Therapeutics of Diabetes Mellitus: Focus on Insulin Analogues and Insulin Pumps

Laboratory of Applied Bioorganic Chemistry, Chemical Engineering Faculty, Aristotle University, 54124 Thessaloniki, Greece

Received 2 November 2009; Accepted 1 February 2010

Academic Editor: Ryichi Kikkawa

Copyright © 2010 Vasiliki Valla. This is an open access article distributed under the Creative Commons Attribution License, which permits unrestricted use, distribution, and reproduction in any medium, provided the original work is properly cited.

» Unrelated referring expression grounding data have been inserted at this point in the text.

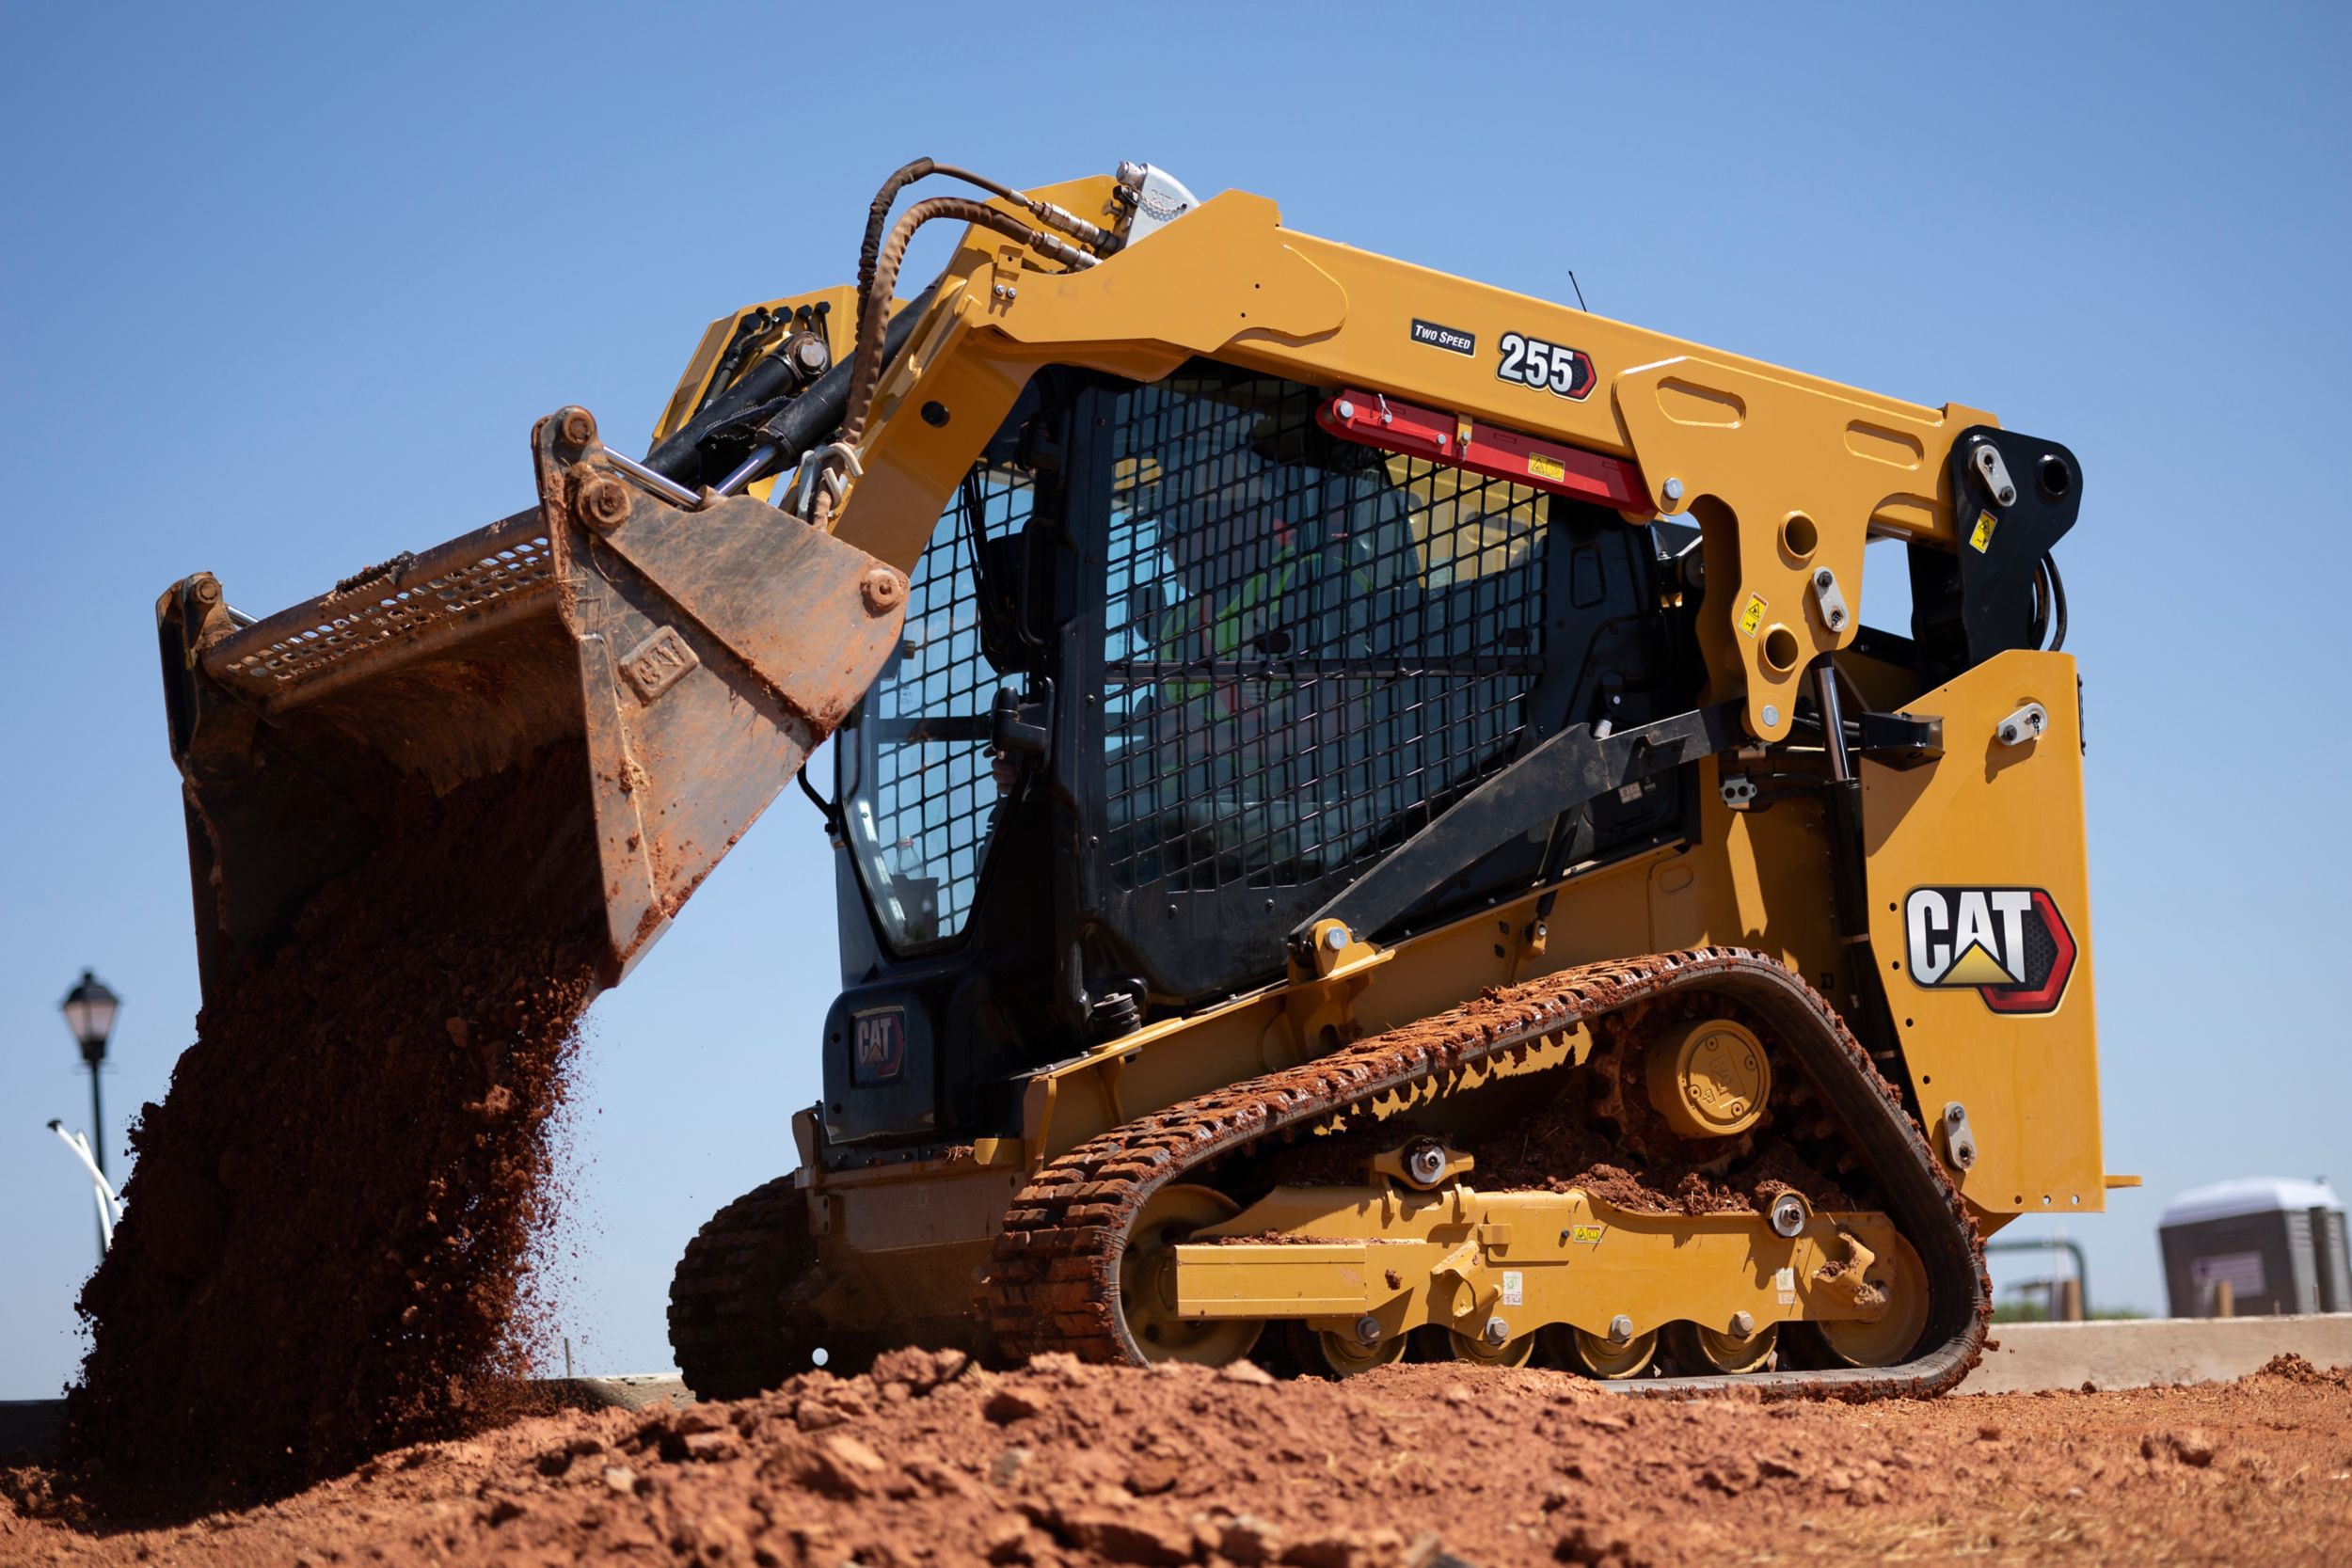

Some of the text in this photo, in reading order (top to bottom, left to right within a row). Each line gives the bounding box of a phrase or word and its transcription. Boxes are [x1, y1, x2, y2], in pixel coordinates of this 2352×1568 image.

[1415, 325, 1471, 350] TWO SPEED
[1500, 334, 1574, 393] 255
[634, 635, 685, 690] CAT
[1907, 889, 2032, 985] CAT
[857, 1017, 892, 1065] CAT
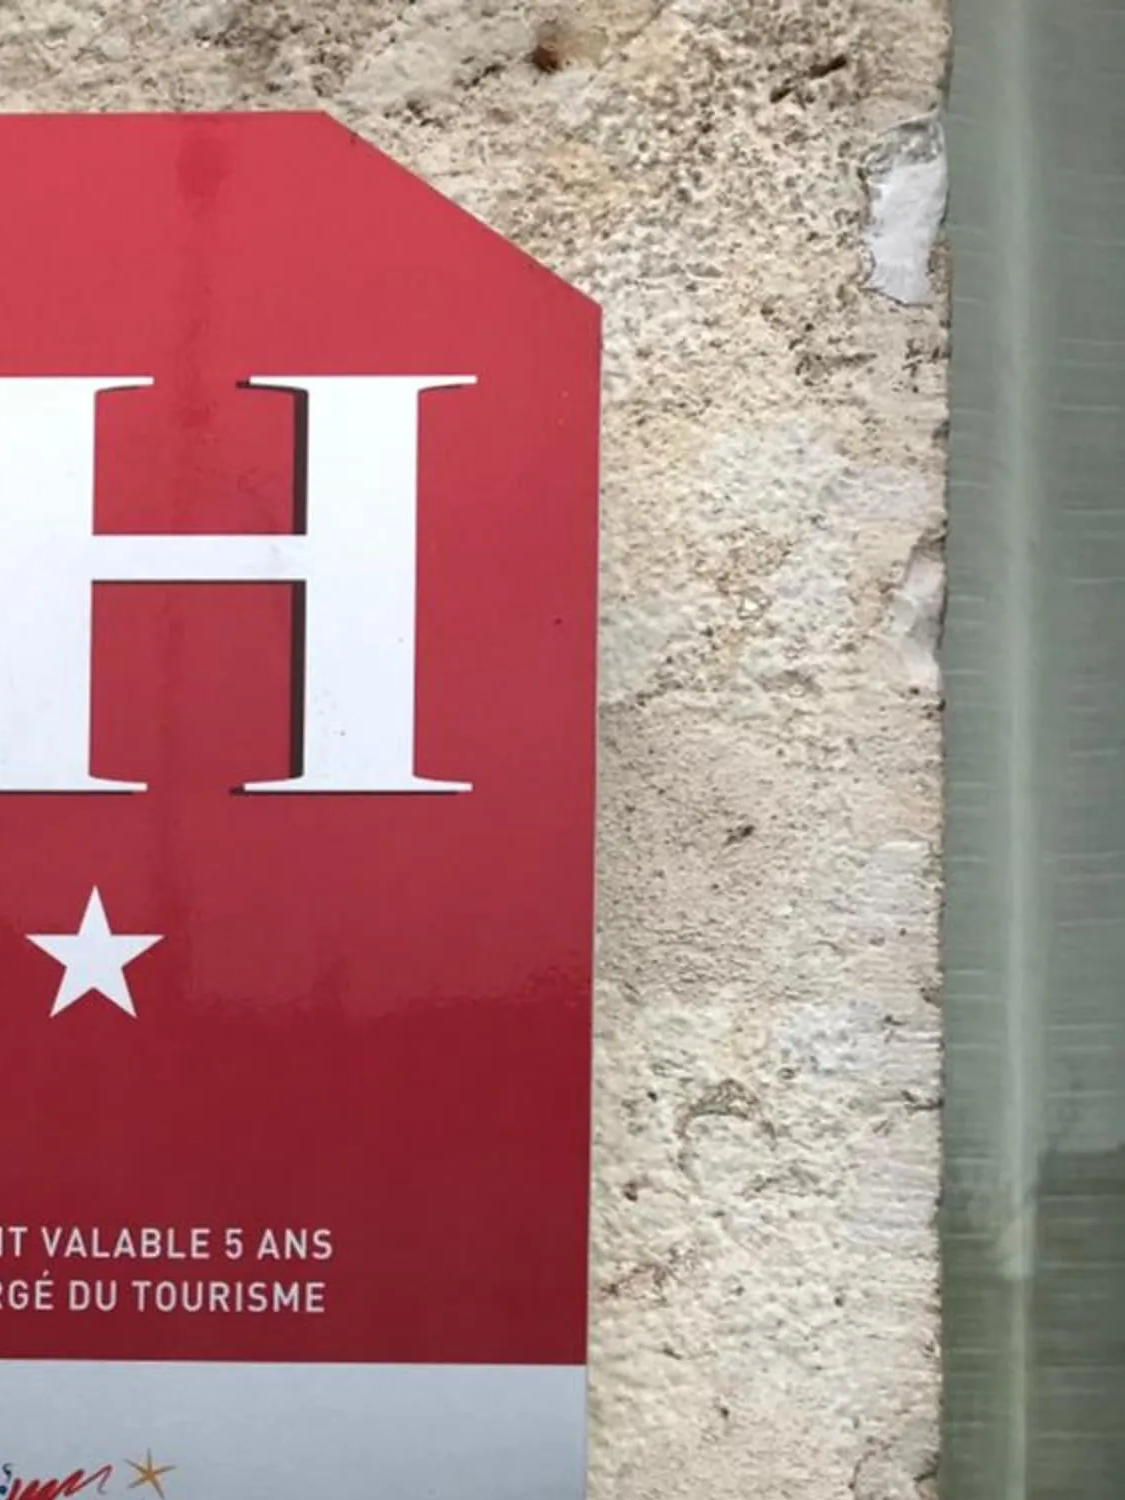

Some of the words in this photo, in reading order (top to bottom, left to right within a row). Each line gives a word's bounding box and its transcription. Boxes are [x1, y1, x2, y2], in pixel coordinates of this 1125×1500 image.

[41, 1227, 210, 1259] VALABLE
[224, 1228, 244, 1259] 5
[257, 1229, 334, 1260] ANS
[69, 1280, 118, 1312] DU
[135, 1280, 326, 1313] TOURISME
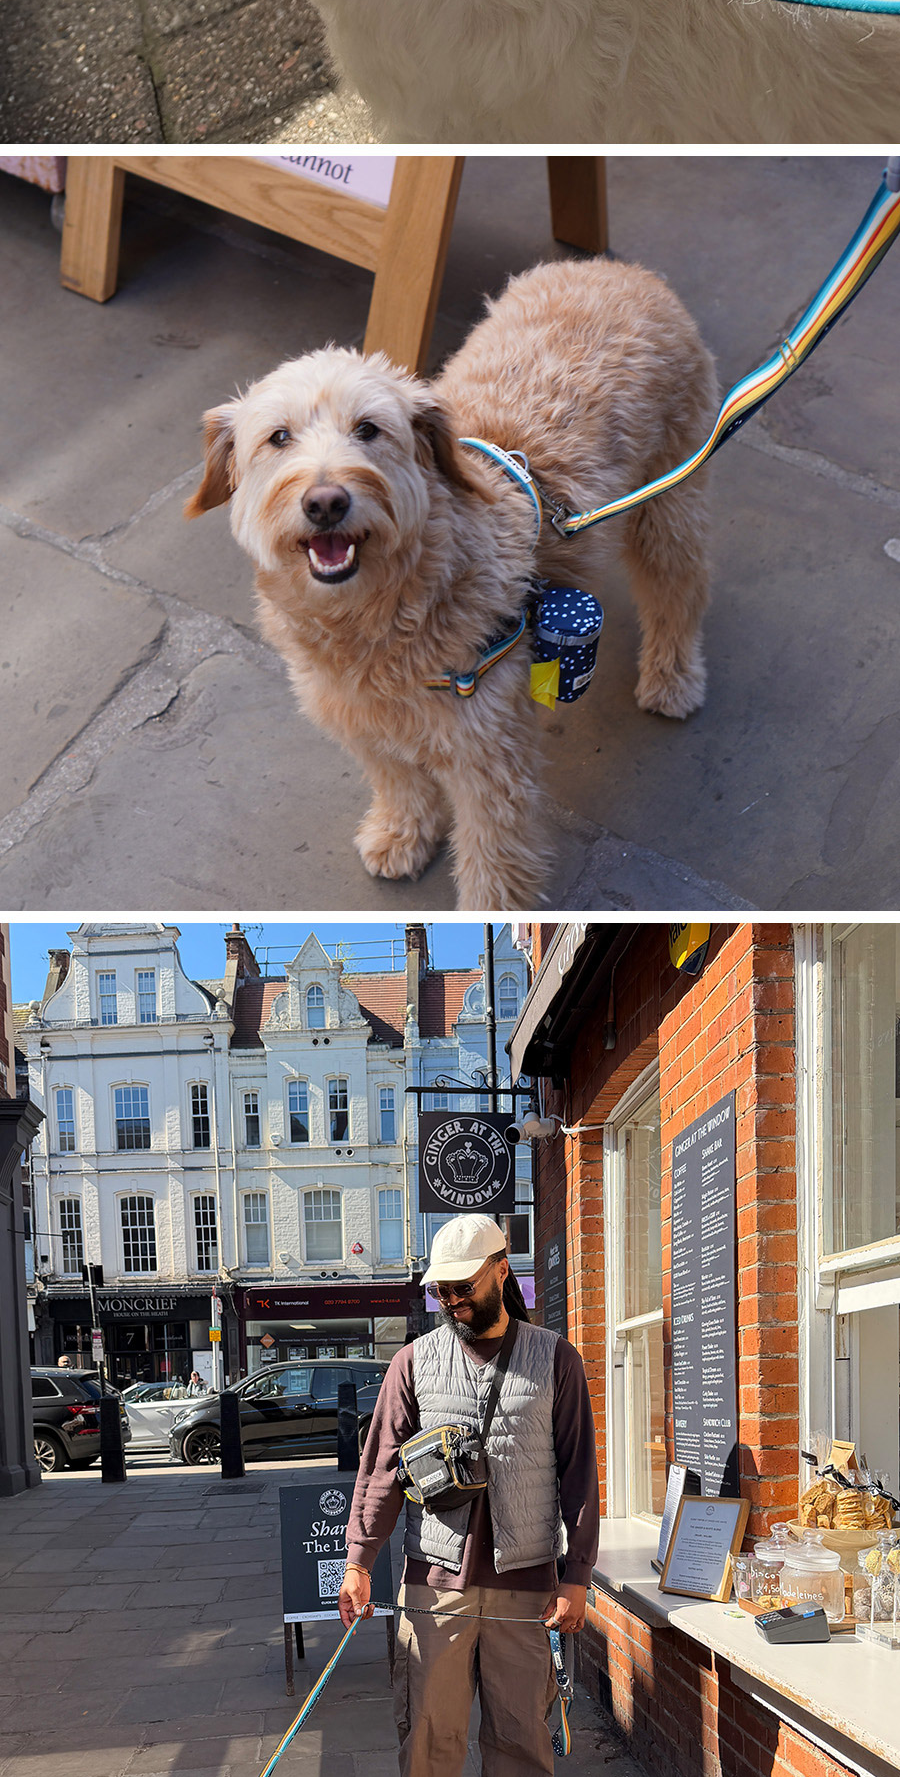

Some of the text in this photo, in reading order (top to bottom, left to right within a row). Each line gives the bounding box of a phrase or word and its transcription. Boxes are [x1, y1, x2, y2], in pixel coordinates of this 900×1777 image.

[280, 156, 354, 184] annot
[707, 1105, 731, 1133] WINDOW
[426, 1121, 506, 1166] GINGER AT THE
[440, 1184, 494, 1206] WINDOW
[97, 1298, 177, 1312] MONCRIEF
[126, 1332, 135, 1345] 7
[310, 1520, 347, 1538] Shar
[302, 1540, 331, 1554] The
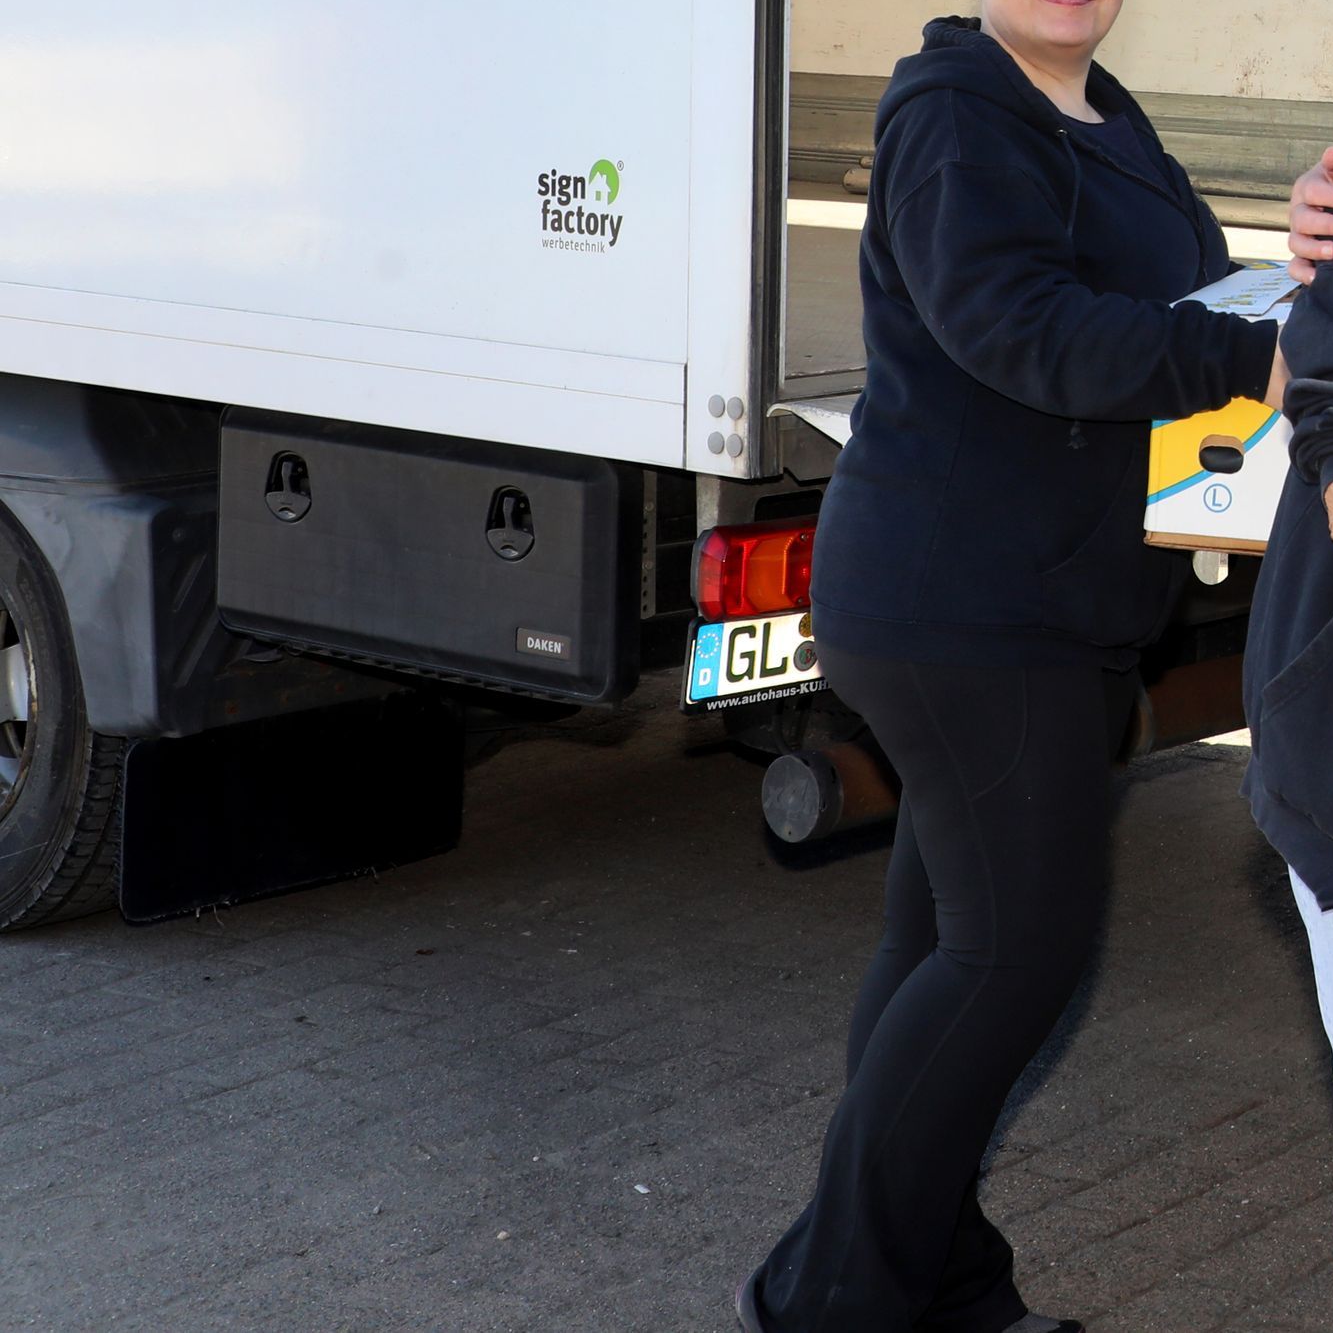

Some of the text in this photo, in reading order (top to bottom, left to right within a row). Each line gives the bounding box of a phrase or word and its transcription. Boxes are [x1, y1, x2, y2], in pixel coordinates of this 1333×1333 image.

[537, 169, 586, 206] sign
[541, 199, 623, 247] factory
[542, 237, 606, 254] werbetechnik
[1211, 488, 1223, 508] L
[527, 636, 562, 654] DAKEN
[726, 622, 788, 684] GL
[698, 668, 712, 686] D

Aim. Inadequately controlled diabetes accounts for chronic complications and increases mortality. Its therapeutic management aims in normal HbA1C, prandial and postprandial glucose levels. This review discusses diabetes management focusing on the latest insulin analogues, alternative insulin delivery systems and the artificial pancreas. Results. Intensive insulin therapy with multiple daily injections (MDI) allows better imitation of the physiological rhythm of insulin secretion. Longer-acting, basal insulin analogues provide concomitant improvements in safety, efficacy and variability of glycaemic control, followed by low risks of hypoglycaemia. Continuous subcutaneous insulin infusion (CSII) provides long-term glycaemic control especially in type 1 diabetic patients, while reducing hypoglycaemic episodes and glycaemic variability. Continuous subcutaneous glucose monitoring (CGM) systems provide information on postprandial glucose excursions and nocturnal hypo- and/or hyperglycemias. This information enhances treatment options, provides a useful tool for self-monitoring and allows safer achievement of treatment targets. In the absence of a cure-like pancreas or islets transplants, artificial “closed-loop” systems mimicking the pancreatic activity have been also developed. Conclusions. Individualized treatment plans for insulin initiation and administration mode are critical in achieving target glycaemic levels. Progress in these fields is expected to facilitate and improve the quality of life of diabetic patients.